下水道などあるはずもないので公衆トイレは全て汲み取り式だ。しかしこれはマシな方。

農村では川の上にトイレを作ったり、そもそもトイレがない場合もある。貴族宅のトイレだと汲み取る必要すらないってのに。

排泄物が疫病の一因だと知られているため街ではトイレが完備されている。

ただし平民宅には無い、公衆トイレを利用するのが一般的だ。

そんな汲み取り作業が新人の仕事だ。

もちろん私はやらない。金に困ってないからだ。

魔力庫と魔法を活用すればすぐ終わるだろうがやる気はない。

ファロスさんはその仕事をアレクに勧め、投げ出すことを期待しているのだ。

そうすれば必然的に他の危険な仕事から遠ざけることができるからだ。

肥桶を担いで歩くのは大変だしね。


それ以外だとネズミ退治もある。

ネズミが病気を運んでくることも知られているため十等星に限りネズミ一匹銅貨二枚で買い取ってもらえる。

たった三匹捕まえるだけで昼食代になるのだ。

ゴブリンの魔石が一個で銅貨三枚であることを考えるとかなりの優遇と言えよう。


金に困ってないアレクがやる必要はないだろう。むしろ他の冒険者の食い扶持を減らさぬよう、やるべきではないのでは?

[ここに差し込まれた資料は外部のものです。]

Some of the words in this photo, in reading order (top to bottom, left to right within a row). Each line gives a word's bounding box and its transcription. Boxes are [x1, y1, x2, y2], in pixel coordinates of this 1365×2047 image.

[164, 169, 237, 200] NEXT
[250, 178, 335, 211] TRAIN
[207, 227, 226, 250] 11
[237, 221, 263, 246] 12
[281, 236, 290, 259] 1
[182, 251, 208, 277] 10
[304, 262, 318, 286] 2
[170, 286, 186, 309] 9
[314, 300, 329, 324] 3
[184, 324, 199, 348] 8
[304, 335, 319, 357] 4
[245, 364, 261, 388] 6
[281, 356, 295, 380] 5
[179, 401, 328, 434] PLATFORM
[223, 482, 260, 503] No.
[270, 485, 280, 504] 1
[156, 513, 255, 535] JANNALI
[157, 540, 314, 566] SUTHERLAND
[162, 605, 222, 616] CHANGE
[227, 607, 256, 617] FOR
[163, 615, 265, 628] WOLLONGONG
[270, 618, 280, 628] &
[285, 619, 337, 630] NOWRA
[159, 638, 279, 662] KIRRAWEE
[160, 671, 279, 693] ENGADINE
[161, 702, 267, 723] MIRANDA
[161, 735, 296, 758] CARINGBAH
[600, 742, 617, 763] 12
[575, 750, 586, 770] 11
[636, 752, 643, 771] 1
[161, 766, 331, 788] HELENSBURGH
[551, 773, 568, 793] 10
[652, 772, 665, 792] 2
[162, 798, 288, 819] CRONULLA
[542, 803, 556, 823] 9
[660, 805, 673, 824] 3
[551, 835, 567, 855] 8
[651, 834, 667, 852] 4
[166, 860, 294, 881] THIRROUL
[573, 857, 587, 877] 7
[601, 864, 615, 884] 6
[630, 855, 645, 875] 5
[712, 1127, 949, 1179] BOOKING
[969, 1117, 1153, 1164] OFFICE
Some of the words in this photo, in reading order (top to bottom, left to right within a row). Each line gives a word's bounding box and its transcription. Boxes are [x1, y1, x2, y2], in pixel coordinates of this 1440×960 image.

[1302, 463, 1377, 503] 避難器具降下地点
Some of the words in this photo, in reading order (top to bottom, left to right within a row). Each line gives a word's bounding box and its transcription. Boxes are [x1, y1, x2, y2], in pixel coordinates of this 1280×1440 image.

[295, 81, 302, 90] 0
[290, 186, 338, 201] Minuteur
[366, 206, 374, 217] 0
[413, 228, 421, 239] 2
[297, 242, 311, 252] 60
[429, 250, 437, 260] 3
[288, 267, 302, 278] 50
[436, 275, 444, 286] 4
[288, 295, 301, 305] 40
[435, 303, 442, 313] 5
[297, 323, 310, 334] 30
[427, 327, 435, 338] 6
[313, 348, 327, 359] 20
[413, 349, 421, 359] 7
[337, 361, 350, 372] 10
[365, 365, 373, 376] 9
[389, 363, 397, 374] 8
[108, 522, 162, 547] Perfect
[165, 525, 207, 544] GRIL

「あっ! ちょっと目を離したらすぐファロスと話すんだから!」


ちょっと目を話した隙にナンパする男よりマシだから勘弁して欲しい。


「おかえり。落ち着いたかな?」


「おかえりって何よ。私はずっとここにいたのに。いつも落ち着いてるわ。」


「ふふっ、そうだね。じゃあデートらしくどこかで紅茶でも飲もうか。」


「たまにはいいこと言うのね。どこかいいお店を知ってるの?」


「二番街のタエ・アンティかな。そこしか知らないけど美味しいよ。少し大回りになるけどね。」


こうして私達は南門へと向かった。

開拓の関係だろうか、普段より混雑している。

しかし私達には関係ない。アレクがいるから並ばずに関係者ゲートをフリーパスだ。

これはアレクサンドル家が名門だからではなく、アレクが騎士長の娘だからだ。

貴族の威光は通じなくても、強者のコネは通じる。これがクタナツクオリティ。

もちろん私一人だと普通に並ぶ。


「そこのガキぃ! 割り込みしてんじゃねー! きっちり並べや!」


粗暴な声で誰かが何か言っている。割り込みはよくないな。きちんと並ばないといけないよな。


こうして私達は昼下がりの紅茶を楽しんだ。

あの店は子供には高過ぎだな。二人で銀貨四枚とは。でもやはり美味しかったからまた行こう。さすが母上お気に入りの店だ。